Margaret Harwood (March 19, 1885  February 6, 1979) was an American astronomer specializing in photometry and the first director of the Maria Mitchell Observatory in Nantucket, Massachusetts. An asteroid discovered in 1960 was named 7040 Harwood in her honor.

Early life and education
Margaret Harwood was born in 1885 in Littleton, Massachusetts, one of nine children of Herbert Joseph Harwood and Emelie Augusta Green. In 1907 she received her AB from Radcliffe College, where she was a member of Phi Beta Kappa. In 1916, she earned her AM from the University of California.

Career

After graduating college, she worked at the Harvard Observatory and taught in private schools in the Boston area. In 1912, an astronomical fellowship was created for women to work at Maria Mitchell Observatory; Harwood was the first recipient of the fellowship, receiving $1,000. In 1916, at 30 years old, Harwood was named director of Mitchell Observatory, and worked there until her retirement in 1957. 
Her specialty, photometry, involved measuring variation in the light of stars and asteroids, and she applied it particularly to that of the small planet 433 Eros. A member of the American Astronomical Society and Fellow of the Royal Astronomical Society, she traveled widely in Europe and the United States. In 1923, she became the first woman to gain access to the Mount Wilson Observatory, and in 1924 was the first woman allowed to use the observatory's 60-inch telescope, the largest in the world at the time.

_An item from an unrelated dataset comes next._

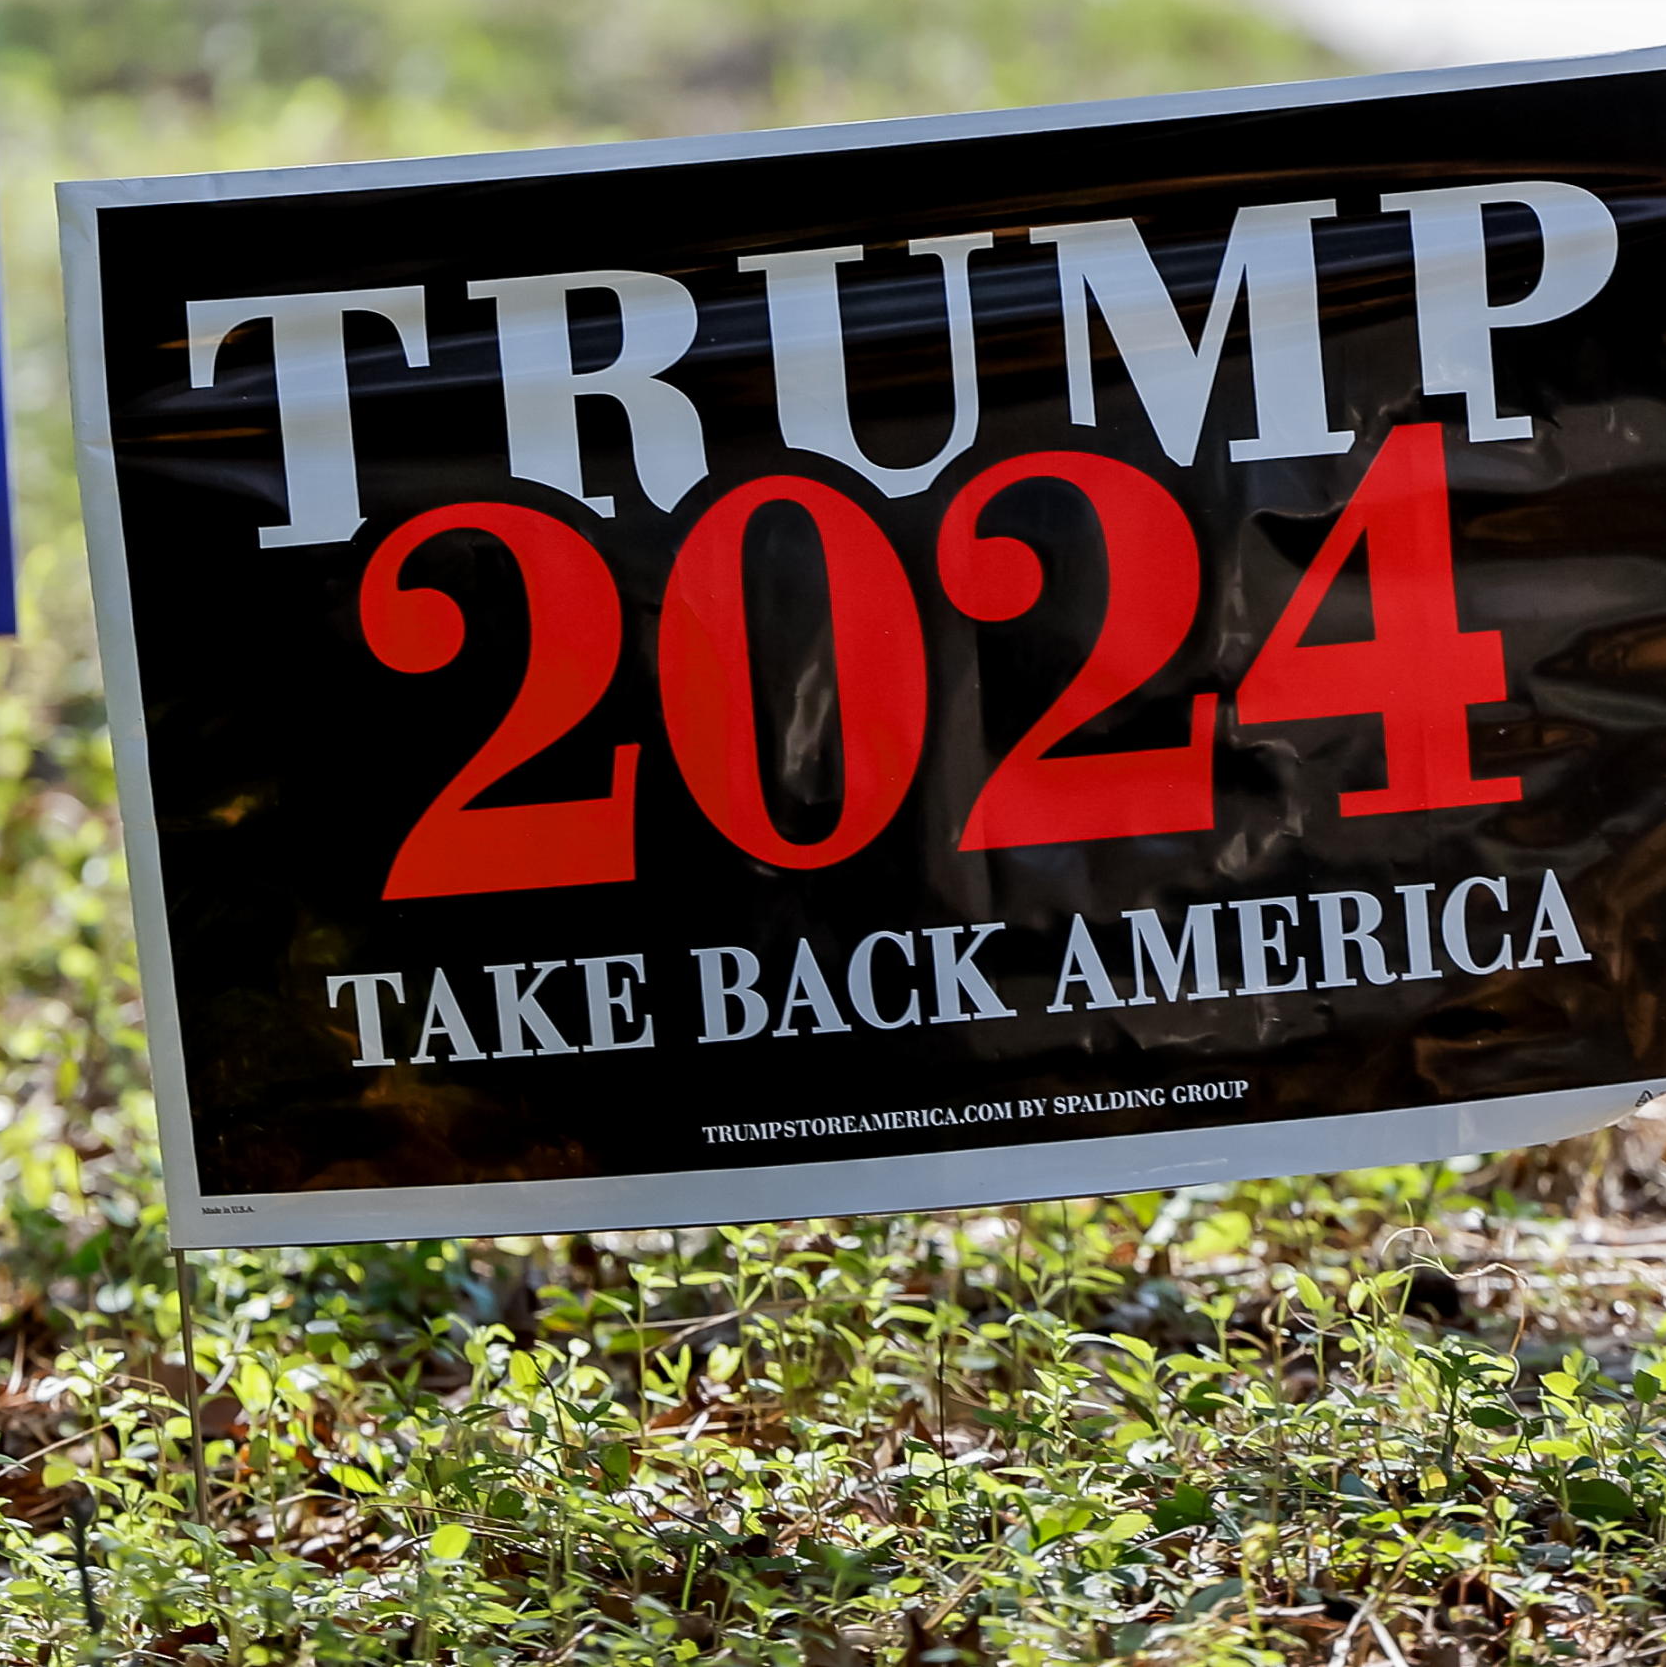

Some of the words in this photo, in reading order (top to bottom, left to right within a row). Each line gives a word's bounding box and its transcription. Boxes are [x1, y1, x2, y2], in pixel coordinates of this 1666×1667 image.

In 1917, she discovered the asteroid 886 Washingtonia four days before its formal recognition by George Henry Peters. At the time, "senior people around her advised her not to report it as a new discovery because it was inappropriate that a woman should be thrust into the limelight with such a claim". However, Harwood did send her photographs of her discovery to Peters for him to include in his study of the asteroid's orbit. In 1960, an asteroid discovered at Palomar, was named in her honor, 7040 Harwood.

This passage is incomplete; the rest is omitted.